For a superior comparison of the developmental relationship among the Aspergillus species, sharing of repeats was analyzed within the transcribed sequences. As previously reported (Mahfooz et al., 2015), motif sharing within the transcripts of Aspergillus species was investigated manually in Microsoft Excel workbook, 2007. Every motif obtained in the transcripts of each species was placed in Microsoft Excel sheet and searched for its counterpart in the transcripts of remaining species. If motif was available in all the four transcripts, it was deemed as common. Thus, the motifs shared between two and three transcript sequences were also analyzed. The motif which did not have any match was considered as novel. PRIMER 3 online software program (frodo.wi.mit.edu/) was used to design primers complementary to the flanking regions of microsatellites. We expected the primers to be 18–24 bp in length, with annealing temperature in the range of 54–62°C, and product lengths between 150 and 400 bp. A total of 2,169 primers were designed from the four Aspergillus species (Supplementary Table 1). Online software GC content calculator (http://www.sciencebuddies.org/science-fair-ojects/project_ideas/Genom_GC_Calcu-lator.shtml) was used to calculate the G+C content of the genomes and transcripts. Pearson correlation coefficient was calculated using SPSS package (SPSS V16.0, SPSS Inc., Chicago, IL, USA).
Fungal Isolates
A total of 23 different Aspergillus isolates representing 11 each from A. niger and A. terreus along with one from A. nidulans was obtained from Department of Plant Pathology, Indian Agricultural Research Institute, Pusa, New Delhi, India (Supplementary Table 2). These isolates represent the diverse agro-climatic zones of India.

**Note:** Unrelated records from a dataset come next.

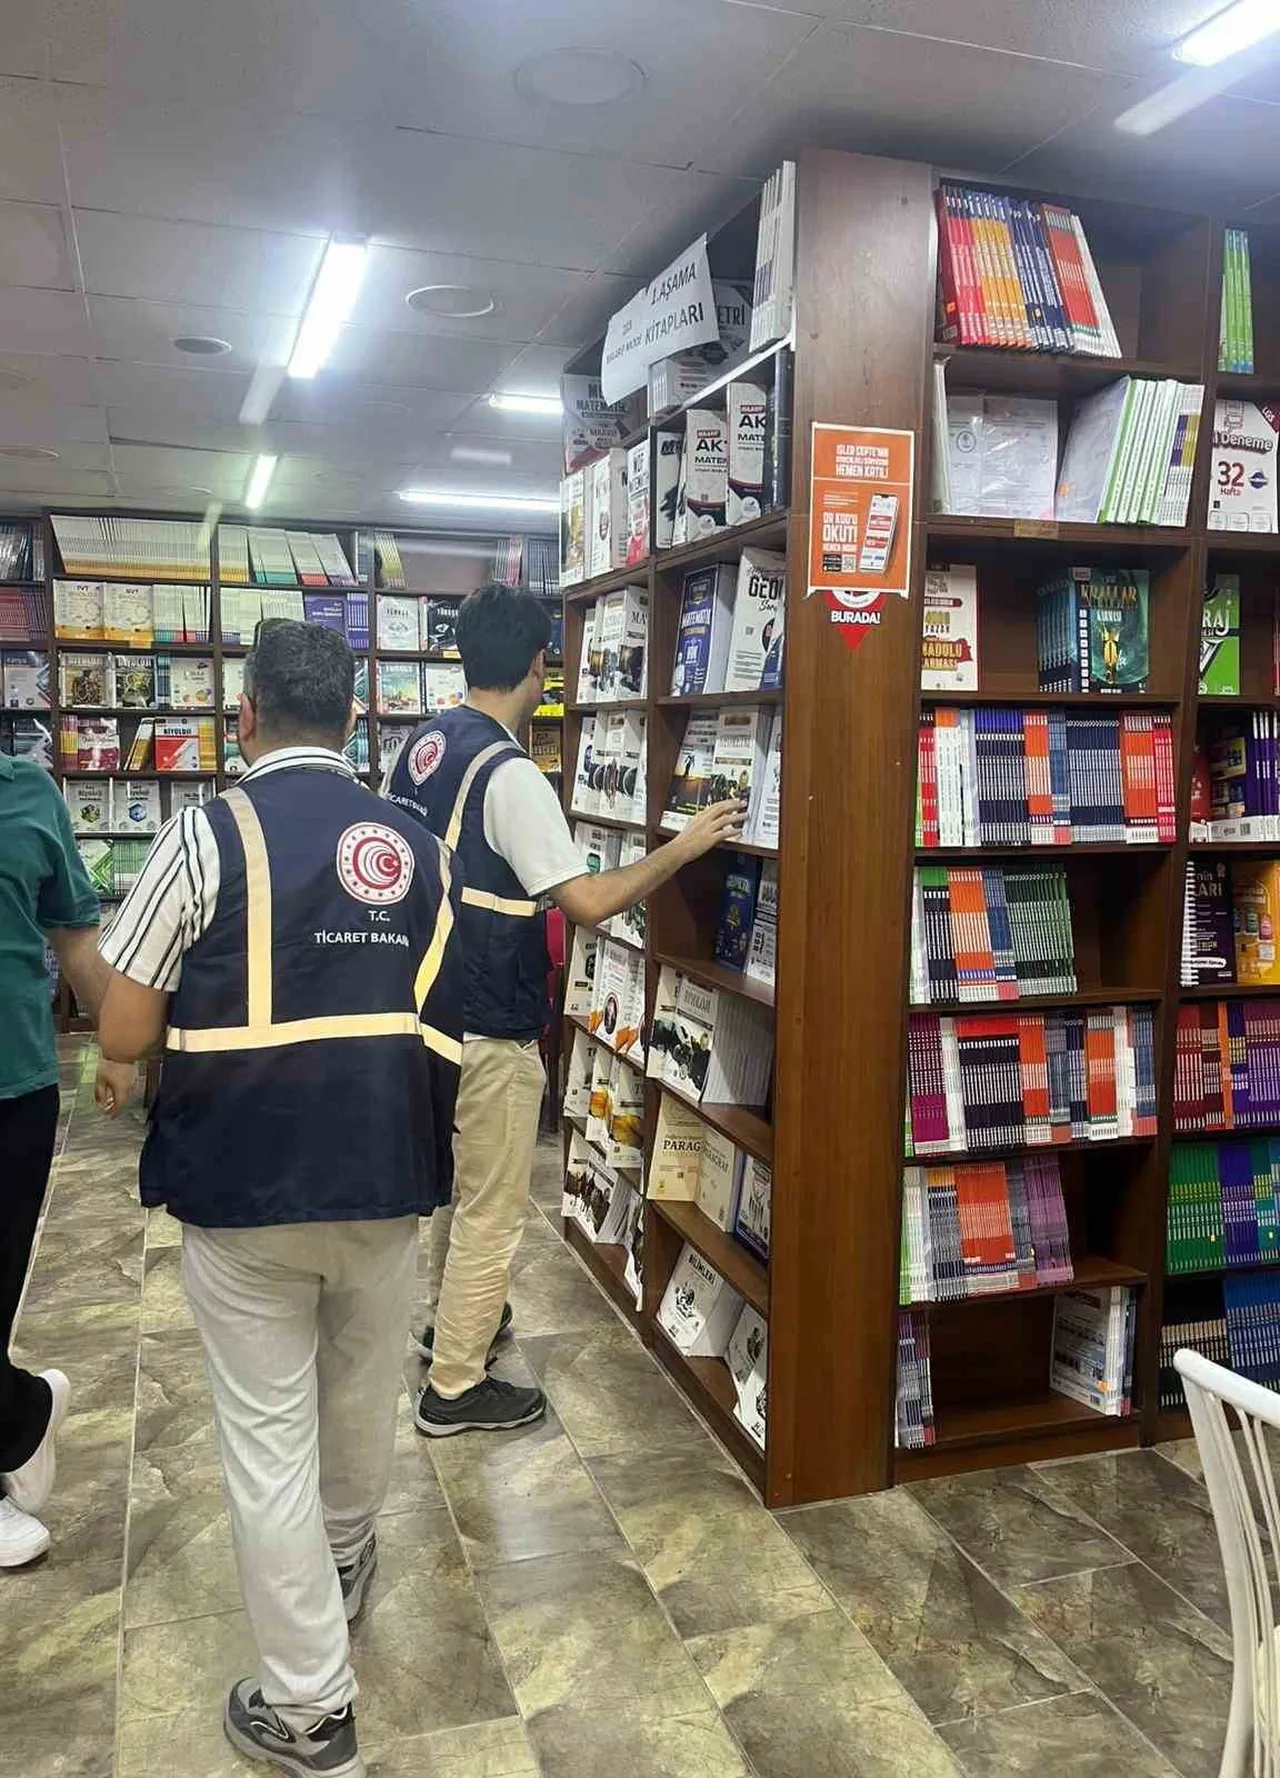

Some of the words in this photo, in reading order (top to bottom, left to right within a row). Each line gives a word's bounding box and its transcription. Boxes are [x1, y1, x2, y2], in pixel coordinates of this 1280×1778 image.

[645, 301, 704, 345] KİTAPLARI
[1221, 431, 1273, 452] Deneme
[1218, 461, 1245, 487] 32
[831, 610, 881, 624] BURADA!
[368, 910, 391, 922] T.C.
[314, 929, 369, 944] TİCARET

DNA Isolation and SSR Amplification
Total genomic DNA from 23 Aspergillus isolates was extracted using HiPurA™ Fungal DNA Purification Kit (HIMEDIA, India). The PCR was performed in 10.0 μl reaction volume containing PCR buffer (10 mM Tris-HCl pH 9.0, 1.5 mM MgCl2, 50 mM KCl, 0.01% gelatine), 200 μM each of dNTP (Merck), 0.2 U of Taq DNA polymerase (Merck), 10 pM each of forward and reverse primers, and 10 ng of genomic DNA was used as template in each PCR reaction. PCR program was as follows: after initial denaturation at 95°C for 3 min, five touch-down PCR cycles comprising of 94°C for 20 s, 60/55°C for 20 s, and 72°C for 30 s were performed. These cycles were subsequently followed by 40 cycles of denaturation at 94°C for 20 s with a constant annealing temperature of 54–60°C (depending on primer) for 20 s, and extension at 72°C for 20 s, and a final extension at 72°C for 20 min. All PCR amplicons were resolved by electrophoresis on 2% agarose gel to identify the informative SSR loci across all the isolates.
Statistical Analysis
The amplification information produced by SSR primers was examined using SIMQUAL (Nei and Li, 1979) to create a Jaccard's similarity coefficient utilizing NTSYS-PC, programming version 2.1. These similarity coefficients were utilized to develop a dendrogram delineating hereditary relationship among the Aspergillus isolates by utilizing the Unweighted Paired Group Method of Arithmetic Averages (UPGMA). The allelic differences or polymorphism information content (PIC) was measured as described by Botstein et al. (1980). PIC is characterized as the likelihood that two randomly picked duplicates of a gene will represent different alleles within a population. The PIC value was calculated with the equation as follows:
where Pi represents the frequency of the jth pattern for marker i, and summation extends over n patterns. A phylogenetic tree of the 18S rRNA gene was also constructed using Clustal W programme in the MEGA 5.2 software (Treangen and Messeguer, 2006) using the neighbor-joining algorithm with bootstrap analysis for 1,000 replicates.
Results
Relative Abundance and Density of SSRs in the Genomic Sequences of Aspergillus spp.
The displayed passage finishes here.